- Items from a dataset -
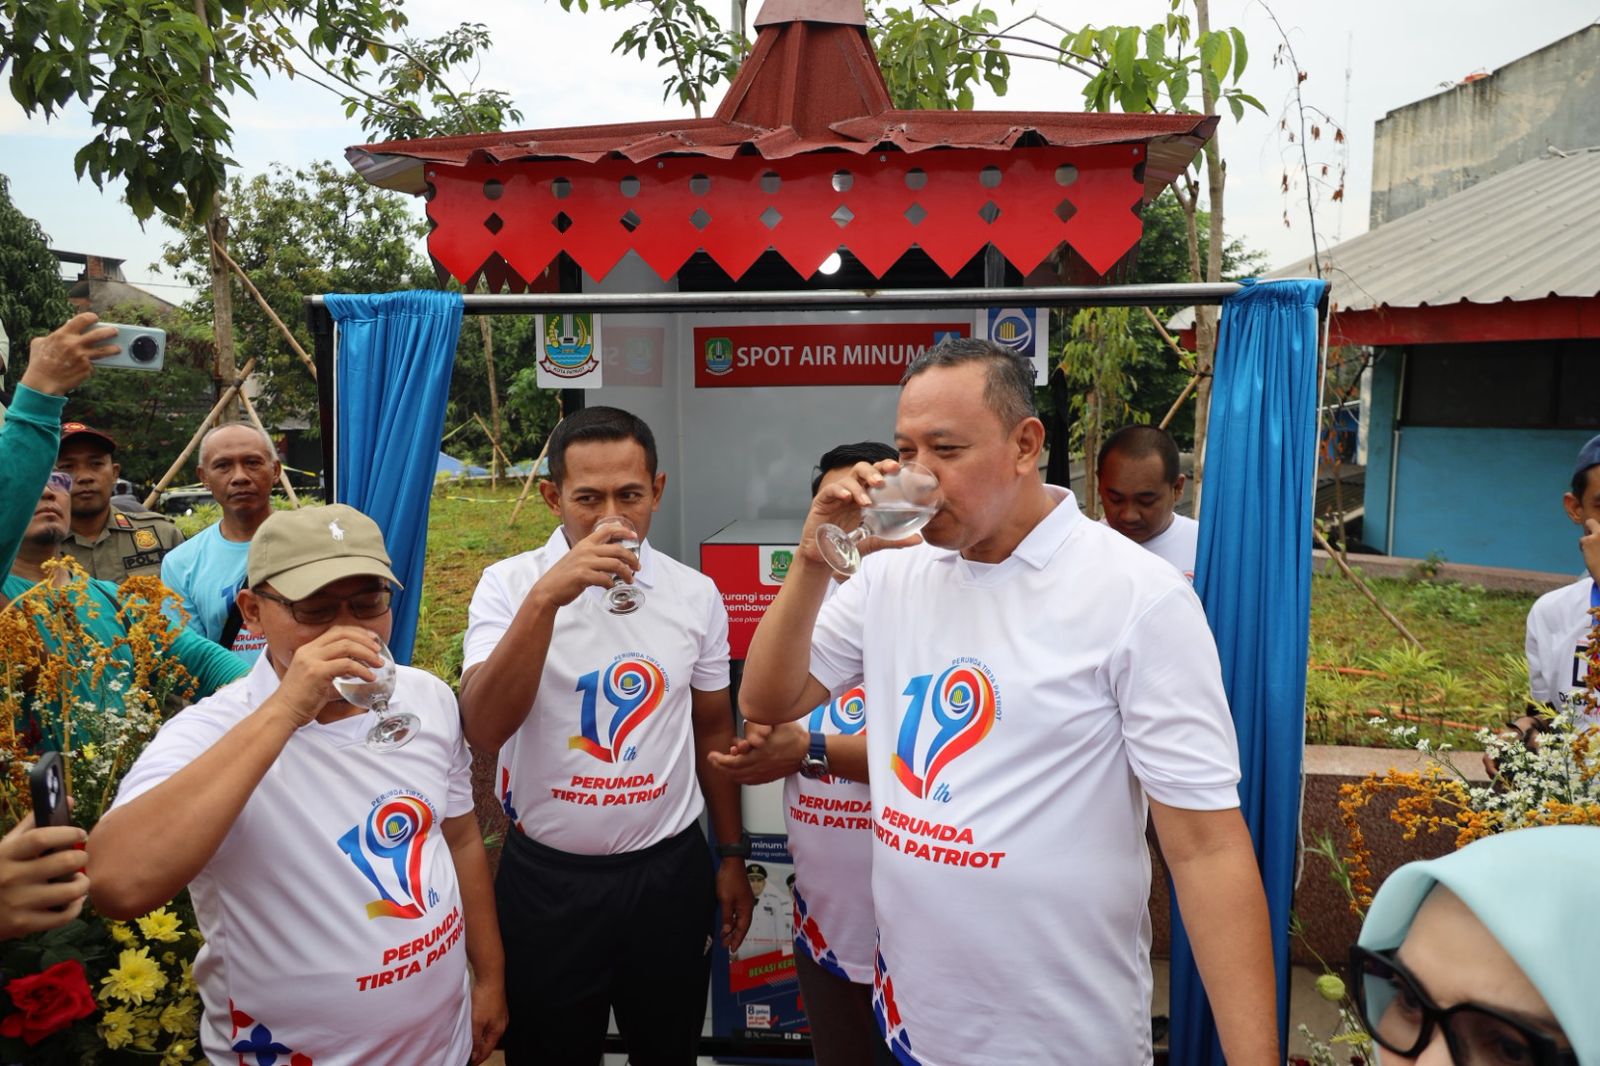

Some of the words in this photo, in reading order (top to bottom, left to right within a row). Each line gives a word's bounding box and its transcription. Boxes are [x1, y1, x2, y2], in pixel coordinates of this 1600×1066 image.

[737, 345, 794, 367] SPOT
[799, 345, 838, 366] AIR
[842, 344, 926, 366] MINUM
[614, 651, 645, 661] PERUMDA
[951, 656, 981, 667] PERUMDA
[993, 684, 1002, 720] PATRIOT
[571, 773, 654, 790] PERUMDA
[371, 789, 403, 807] PERUMDA
[551, 788, 598, 806] TIRTA
[602, 783, 668, 807] PATRIOT
[799, 793, 872, 814] PERUMDA
[789, 806, 819, 826] TIRTA
[882, 805, 974, 845] PERUMDA
[872, 820, 900, 851] TIRTA
[904, 839, 1006, 869] PATRIOT
[383, 905, 459, 966] PERUMDA
[356, 959, 422, 992] TIRTA
[749, 963, 776, 978] BEKASI
[748, 1005, 755, 1015] 8
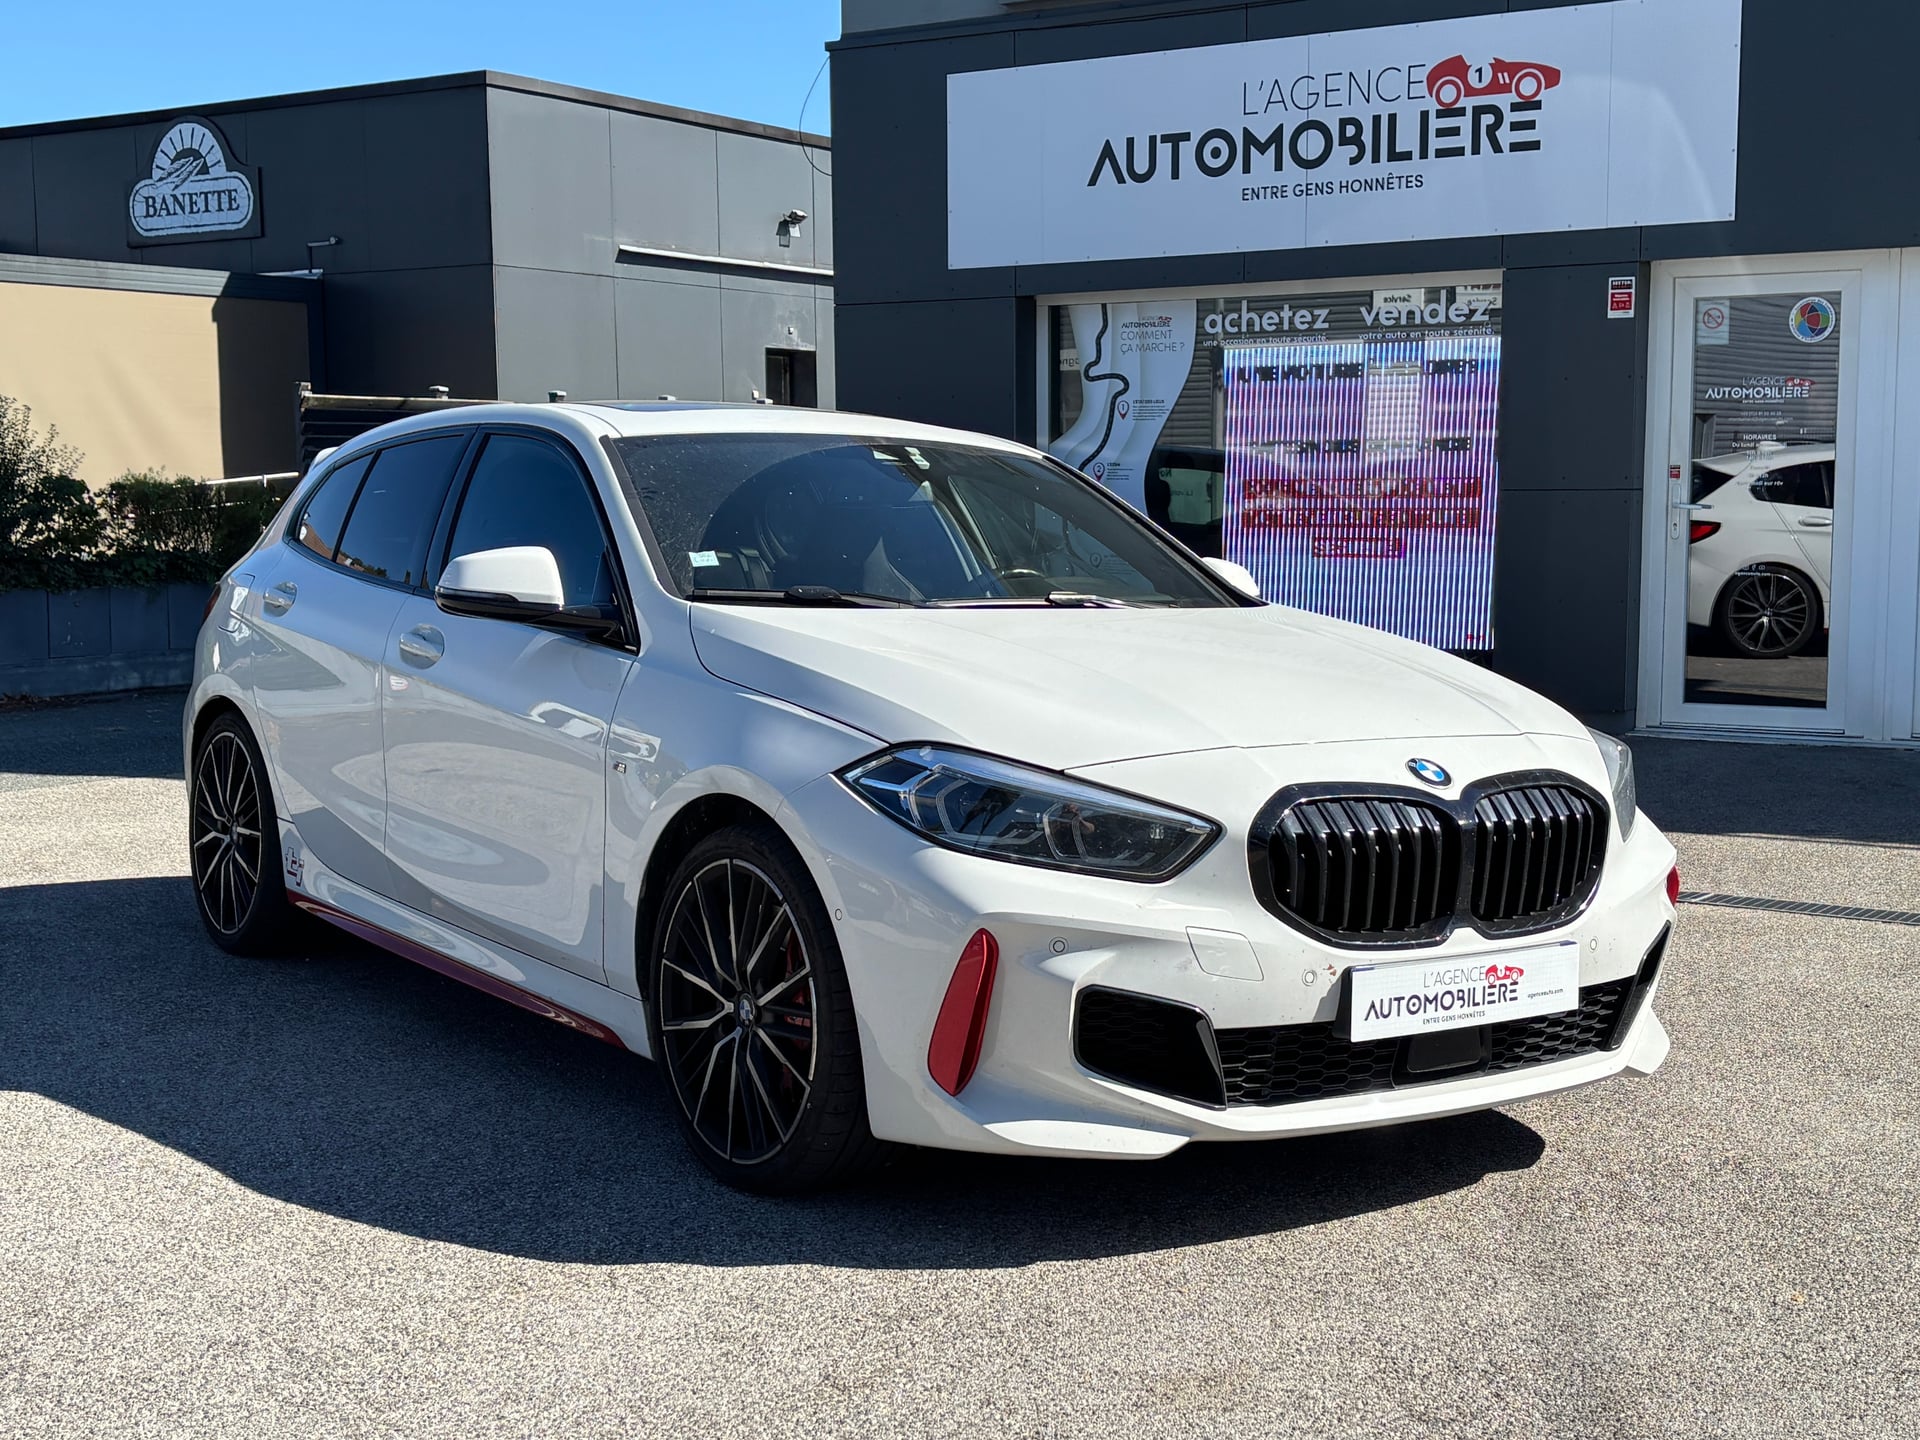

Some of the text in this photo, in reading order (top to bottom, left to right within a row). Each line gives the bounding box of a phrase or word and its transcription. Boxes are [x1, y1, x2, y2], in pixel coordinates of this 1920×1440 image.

[1243, 63, 1427, 116] L'AGENCE
[1241, 172, 1425, 201] ENTRE GENS HONNÊTES
[143, 188, 240, 219] BANETTE
[1203, 299, 1330, 334] achetez
[1359, 289, 1491, 327] vendez
[1120, 329, 1173, 341] COMMENT
[1203, 339, 1218, 347] une
[1220, 335, 1254, 346] occasion
[1269, 335, 1292, 344] toute
[1359, 331, 1383, 340] votre
[1385, 329, 1407, 339] auto
[1410, 330, 1422, 338] en
[1425, 327, 1450, 337] toute
[1120, 344, 1134, 356] ÇA
[1135, 341, 1178, 353] MARCHE
[1742, 376, 1786, 386] L'AGENCE
[1423, 965, 1487, 988] L'AGENCE
[1422, 1015, 1440, 1025] ENTRE
[1441, 1013, 1457, 1023] GENS

- How to complete this task -
Reproduce each entry precisely. Leave the pictures out.

- Output for this task -
Some of the words in this photo, in reading order (top to bottom, left to right within a row). Each line gives a word's bounding box and its transcription. Boxes are [x1, y1, x2, y2], in pixel coordinates of this 1600×1066 image.

[737, 345, 794, 367] SPOT
[799, 345, 838, 366] AIR
[842, 344, 926, 366] MINUM
[614, 651, 645, 661] PERUMDA
[951, 656, 981, 667] PERUMDA
[993, 684, 1002, 720] PATRIOT
[571, 773, 654, 790] PERUMDA
[371, 789, 403, 807] PERUMDA
[551, 788, 598, 806] TIRTA
[602, 783, 668, 807] PATRIOT
[799, 793, 872, 814] PERUMDA
[789, 806, 819, 826] TIRTA
[882, 805, 974, 845] PERUMDA
[872, 820, 900, 851] TIRTA
[904, 839, 1006, 869] PATRIOT
[383, 905, 459, 966] PERUMDA
[356, 959, 422, 992] TIRTA
[749, 963, 776, 978] BEKASI
[748, 1005, 755, 1015] 8

Some of the text in this photo, in reading order (top to bottom, left to right within a row). Each line gives the bounding box of a phrase or word and its transcription. Boxes are [x1, y1, x2, y2], in pixel coordinates of this 1920×1440 image.

[1243, 63, 1427, 116] L'AGENCE
[1241, 172, 1425, 201] ENTRE GENS HONNÊTES
[143, 188, 240, 219] BANETTE
[1203, 299, 1330, 334] achetez
[1359, 289, 1491, 327] vendez
[1120, 329, 1173, 341] COMMENT
[1203, 339, 1218, 347] une
[1220, 335, 1254, 346] occasion
[1269, 335, 1292, 344] toute
[1359, 331, 1383, 340] votre
[1385, 329, 1407, 339] auto
[1410, 330, 1422, 338] en
[1425, 327, 1450, 337] toute
[1120, 344, 1134, 356] ÇA
[1135, 341, 1178, 353] MARCHE
[1742, 376, 1786, 386] L'AGENCE
[1423, 965, 1487, 988] L'AGENCE
[1422, 1015, 1440, 1025] ENTRE
[1441, 1013, 1457, 1023] GENS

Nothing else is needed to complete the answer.